Terms Used In Virginia Code 59.1-542
- City: means an independent incorporated community which became a city as provided by law before noon on July 1, 1971, or which has within defined boundaries a population of 5,000 or more and which has become a city as provided by law. See Virginia Code 1-208
- Department: means the Department of Housing and Community Development. See Virginia Code 59.1-539
- Enterprise zone: means an area declared by the Governor to be eligible for the benefits of this chapter. See Virginia Code 59.1-539
- Includes: means includes, but not limited to. See Virginia Code 1-218
- Jurisdiction: (1) The legal authority of a court to hear and decide a case. Concurrent jurisdiction exists when two courts have simultaneous responsibility for the same case. (2) The geographic area over which the court has authority to decide cases.
- Locality: means a county, city, or town as the context may require. See Virginia Code 1-221
- Process: includes subpoenas, the summons and complaint in a civil action, and process in statutory actions. See Virginia Code 1-237
- State: when applied to a part of the United States, includes any of the 50 states, the District of Columbia, the Commonwealth of Puerto Rico, Guam, the Northern Mariana Islands, and the United States Virgin Islands. See Virginia Code 1-245
B. Two or more adjacent localities may file a joint application for an enterprise zone. Localities applying for a joint zone shall demonstrate a regional need for an enterprise zone and a regional impact that could not be achieved through a single jurisdiction zone. Applicants for a joint zone shall also specify what mechanisms will be used to ensure that the economic benefits of such a zone are shared among the applicant localities.
C. An enterprise zone may consist of no more than three noncontiguous areas. The aggregate size of these noncontiguous zone areas shall be as follows:
1. For cities, the minimum size of an enterprise zone shall be one-quarter square mile and the maximum size of an enterprise zone shall be one square mile or seven percent of the jurisdiction’s land area or an area that includes seven percent of the population, whichever is largest.
2. For towns designated as enterprise zones under former §§ 59.1-272 through 59.1-278, 59.1-279.1, or 59.1-280.2 through 59.1-284 of the Enterprise Zone Act (§ 59.1-270 et seq.), the size of an enterprise zone shall conform to the size requirements for cities in subdivision 1.
3. For unincorporated areas of counties, the minimum size of an enterprise zone shall be one-half square mile and the maximum size of an enterprise zone shall be six square miles.
4. For consolidated cities the enterprise zones in cities for which the boundaries were created through the consolidation of a city and county or the consolidation of two cities, the enterprise zone shall conform substantially to the size requirements for unincorporated areas of counties in subdivision 3.
In no instance shall a zone consist only of a site for a single business firm.
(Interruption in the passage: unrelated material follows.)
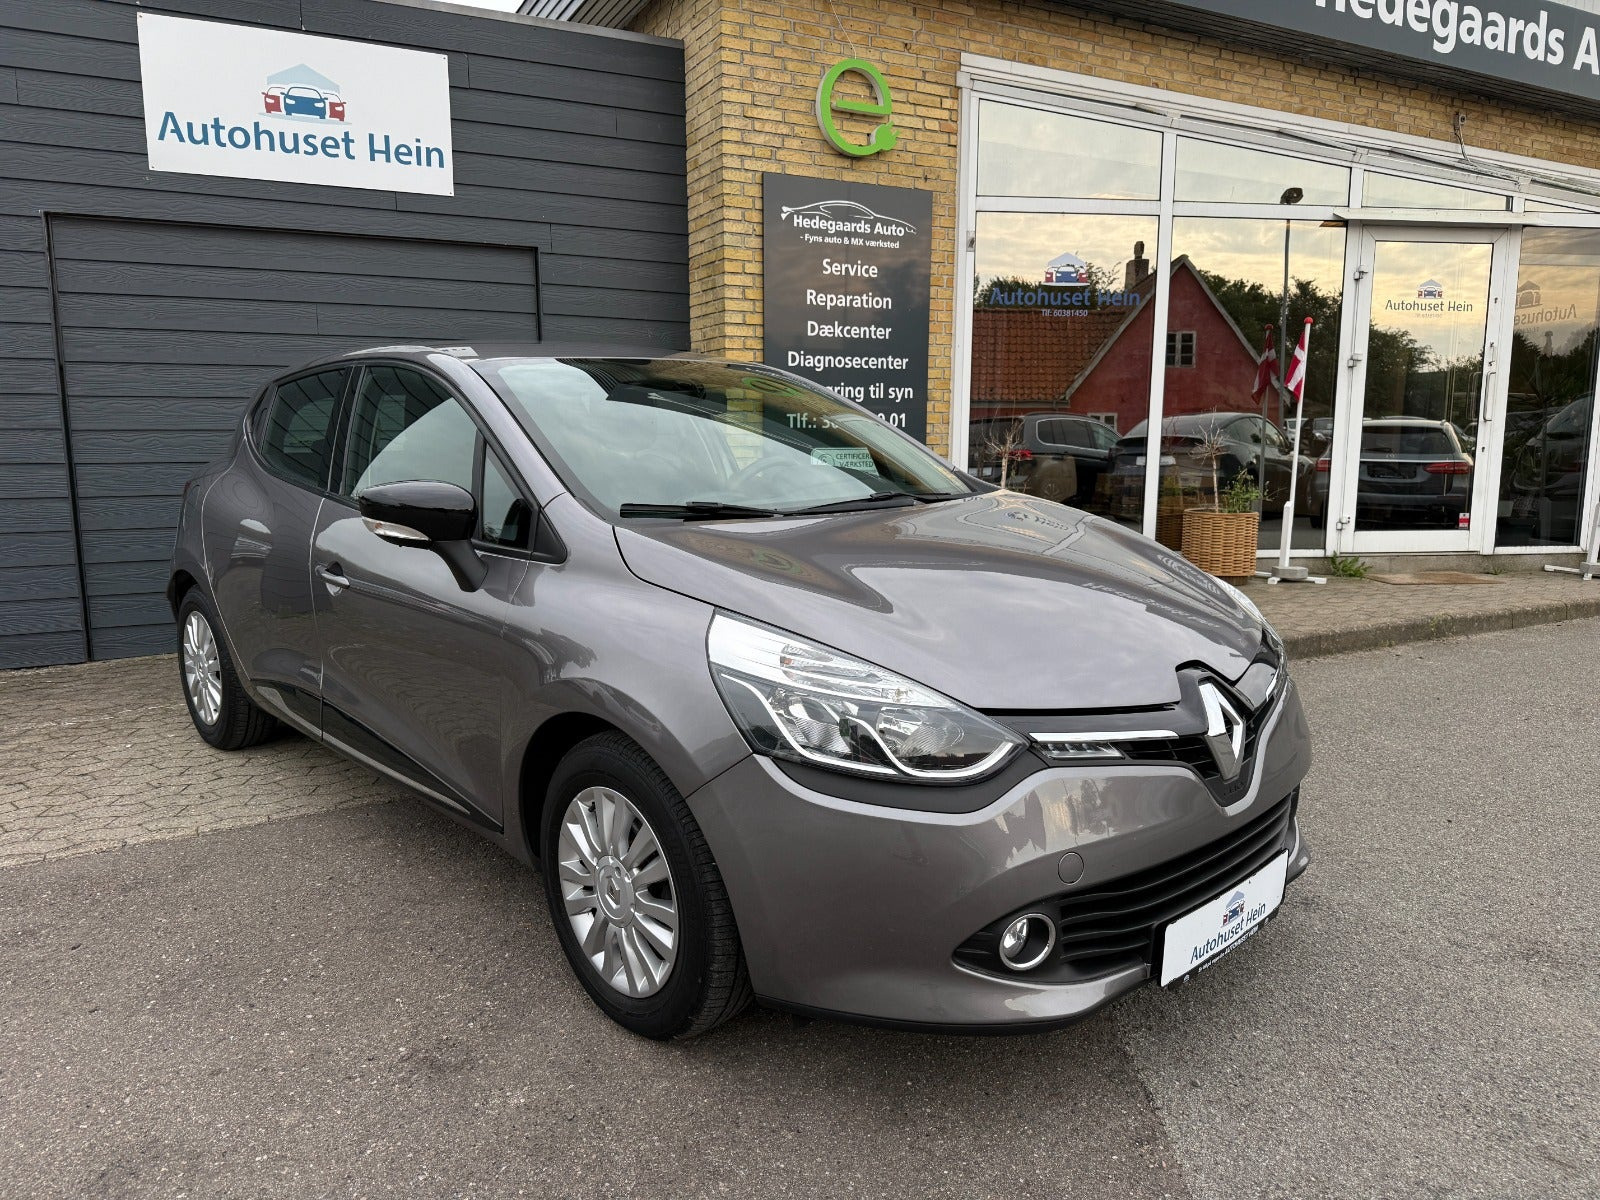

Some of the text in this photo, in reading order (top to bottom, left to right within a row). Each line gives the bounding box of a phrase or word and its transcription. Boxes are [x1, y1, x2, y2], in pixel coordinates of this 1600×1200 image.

Localities shall be limited to three enterprise zone designations.
D. A joint enterprise zone shall consist of no more than three noncontiguous zone areas for each participating locality. The aggregate size of these noncontiguous areas shall be specified by regulation.
E. Upon recommendation of the Director of the Department, the Governor may designate up to 30 enterprise zones in accordance with the provisions of this chapter. Such designations are to be done in coordination with the expiration of existing zones designated under earlier Enterprise Zone Program provisions. The initial round of six zone designation applications and approval may be conducted prior to adoption of final program regulations provided that the process is consistent with the provisions of this chapter. Enterprise zones shall be designated for an initial 10-year period except as provided for in subsections A and B of § 59.1-546. Upon recommendation of the Director of the Department, the Governor may renew zones designated on or after July 1, 2005, for up to four five-year renewal periods and zones designated prior to July 1, 2005, for up to two five-year renewal periods. Recommendations for five-year renewals shall be based on the locality’s performance of its enterprise zone responsibilities, the continued need for such a zone, and its effectiveness in creating jobs and capital investment. Notwithstanding any provision to the contrary, any enterprise zone in effect as of June 30, 2024, shall be extended for an additional four-year period, in addition to any renewal periods provided by this section.
F. Localities that have zone designations are responsible for providing the local incentives specified in their applications, providing timely submission of enterprise zone reports and evaluations as required by regulation, verifying that businesses and properties seeking enterprise zone incentives are physically located within their zones, and implementing an active local enterprise zone program within the context of overall economic development efforts.
2005, cc. 863, 884; 2018, c. 315; 2019, cc. 119, 496; 2024, cc. 631, 686.